How to Avoid a Trump Repetition

Talk about counting your chickens before they are hatched, but I think now is the time to start thinking abut the institutional changes that we can make that will prevent a repetition.

Establishing the validity of truth versus lies.  When the US Supreme Court liberalized libel law to project the media, little did it, or anyone understand that it was legalizing massive and uncorrected falsity.  We have to create some kind of procedural mechanism for the establishment of falsity.  My own thought is that it should be possible to bring a court action against the lie itself, in such a way that it is not about money, but about establishing truth.  Just think if such a mechanism existed to conclusively rebut the peddlers of the birther poison.  At a minimum it would give the fact checkers a common direction, and  finding to which debate opponents could appeal.

Wee tend to get deeply discouraged that around 40% of voters say they approve of Trump.  But remember that only a third of those say that his policies are what matters most.  The rest like the “personality”, whatever that means.
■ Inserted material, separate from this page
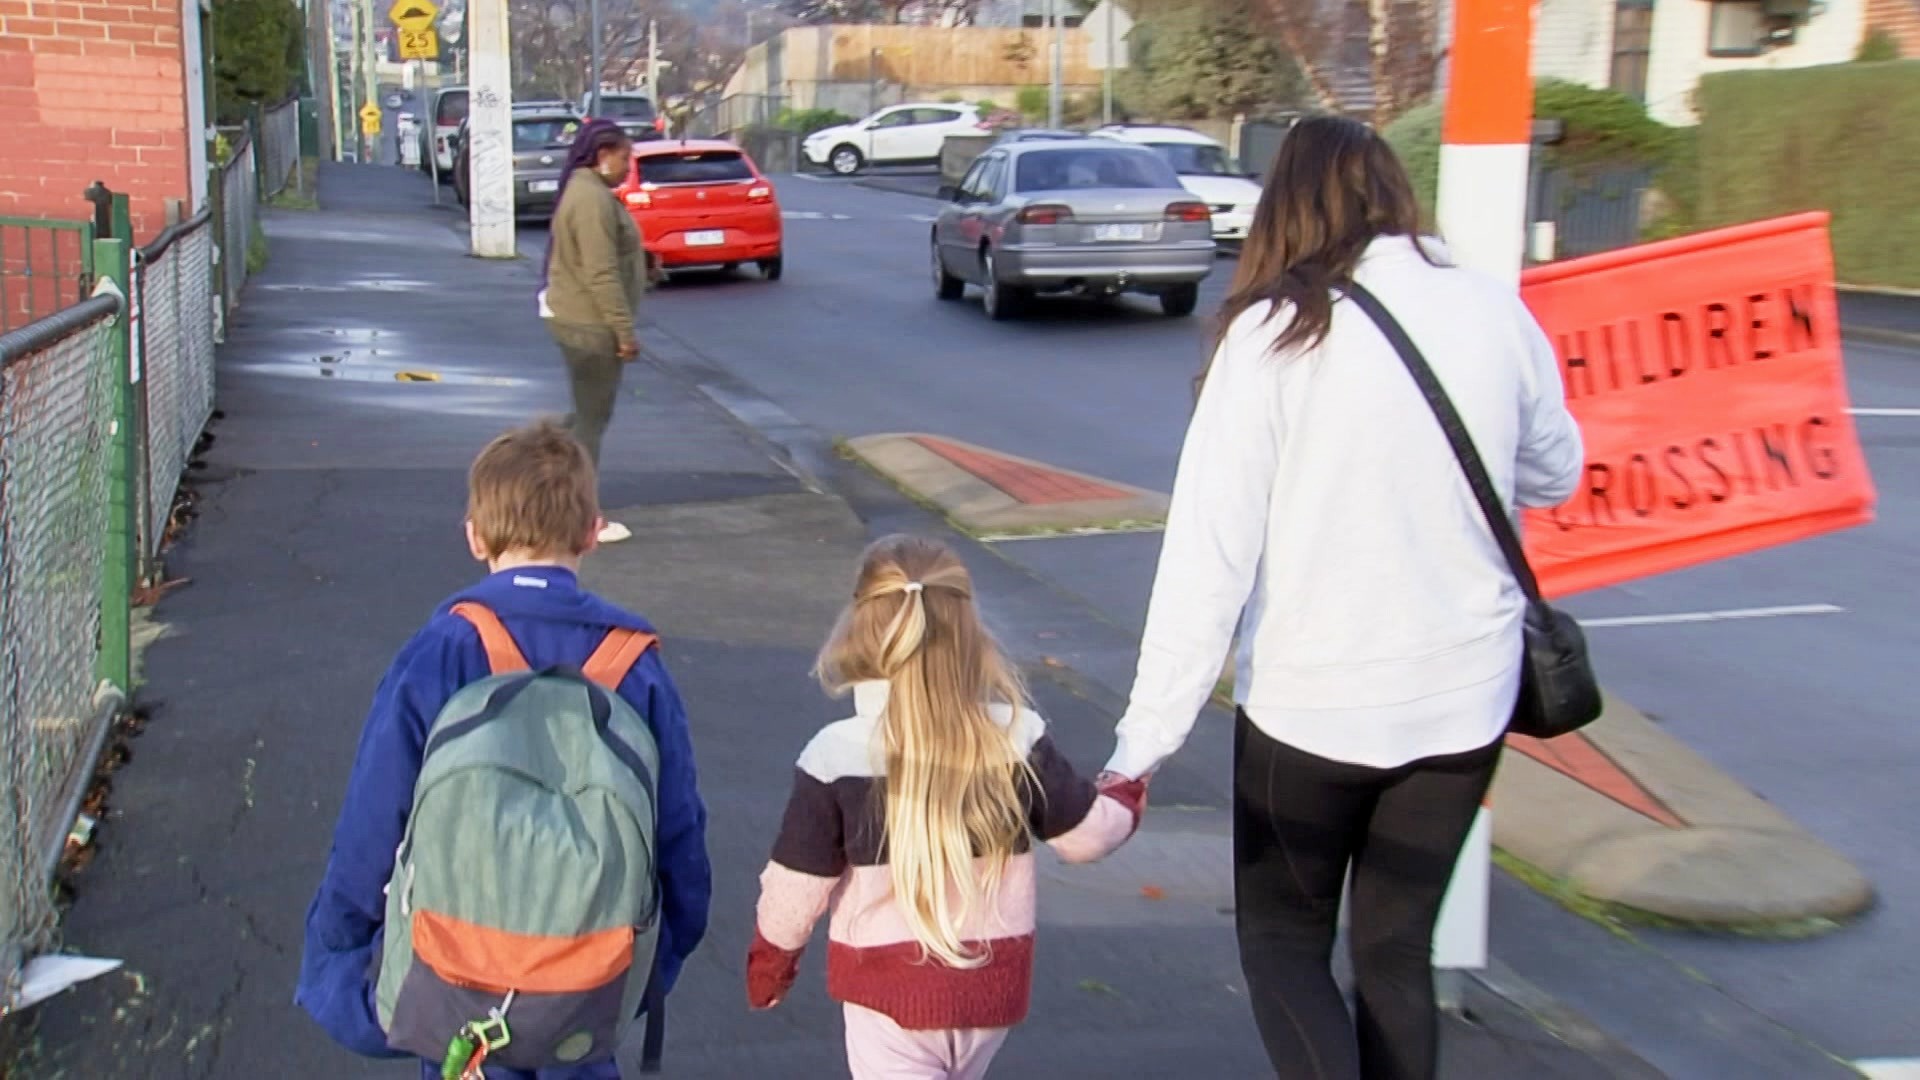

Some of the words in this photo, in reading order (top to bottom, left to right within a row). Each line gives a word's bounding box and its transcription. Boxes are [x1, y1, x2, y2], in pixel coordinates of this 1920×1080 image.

[405, 32, 429, 48] 25
[1556, 284, 1818, 400] HILDREN
[1550, 416, 1837, 531] ROSSING
Remember, they met that personality on TV, and much of his early success was simply name recognition.  Remember how Mike Dukakis parlayed a very different TV program, “The Advocates” to a national nomination.

At one level, therefore, the TV networks just have to be much more careful about who they build up.  (How do you think the person who at NBC who accepted Trump’s pitch feels these days?)

Which leaves Fox!

There are many ways to constrain this aberration, with libel law changes being one, but always lurking in the background is the old fairness doctrine.  A way should be found to resurrect this, such as by limiting the exception when the number of meaningfully different outlets falls below a certain level.  Alternatively, controlling Fox through advertisers might become a long term project.

 

 

 

When Does the Trump Game End?

I can claim no special knowledge about how the Trump game ends.  But I do have a theory about when.

Its simple.  We run up against the debt ceiling somewhere between August and October.

I refuse to believe that the real banking and economic powers — worldwide– are willing to trust Trump, the way he is now, with that negotiation.  It would make the  shutdown seem like kindergarten play.

Of course, if my theory is wrong, then we are in for a terrible ride.

 

Regardless of How the Votes Go, It’s Going to Be the Republicans Tax Code

As long as most of us have been alive, the Democrats have “owned” the tax code, being blamed for every trade off and decision.

Assuming for a sad moment that the Republicans manage to ram this monster of redistribution through, it will become “their” tax code.

We can run ads against every element.

We can do April 15 ads.

We can print and Photoshop copies of the 1040 with Trump’s, McConnel’s and Ryan’s photos superimposed.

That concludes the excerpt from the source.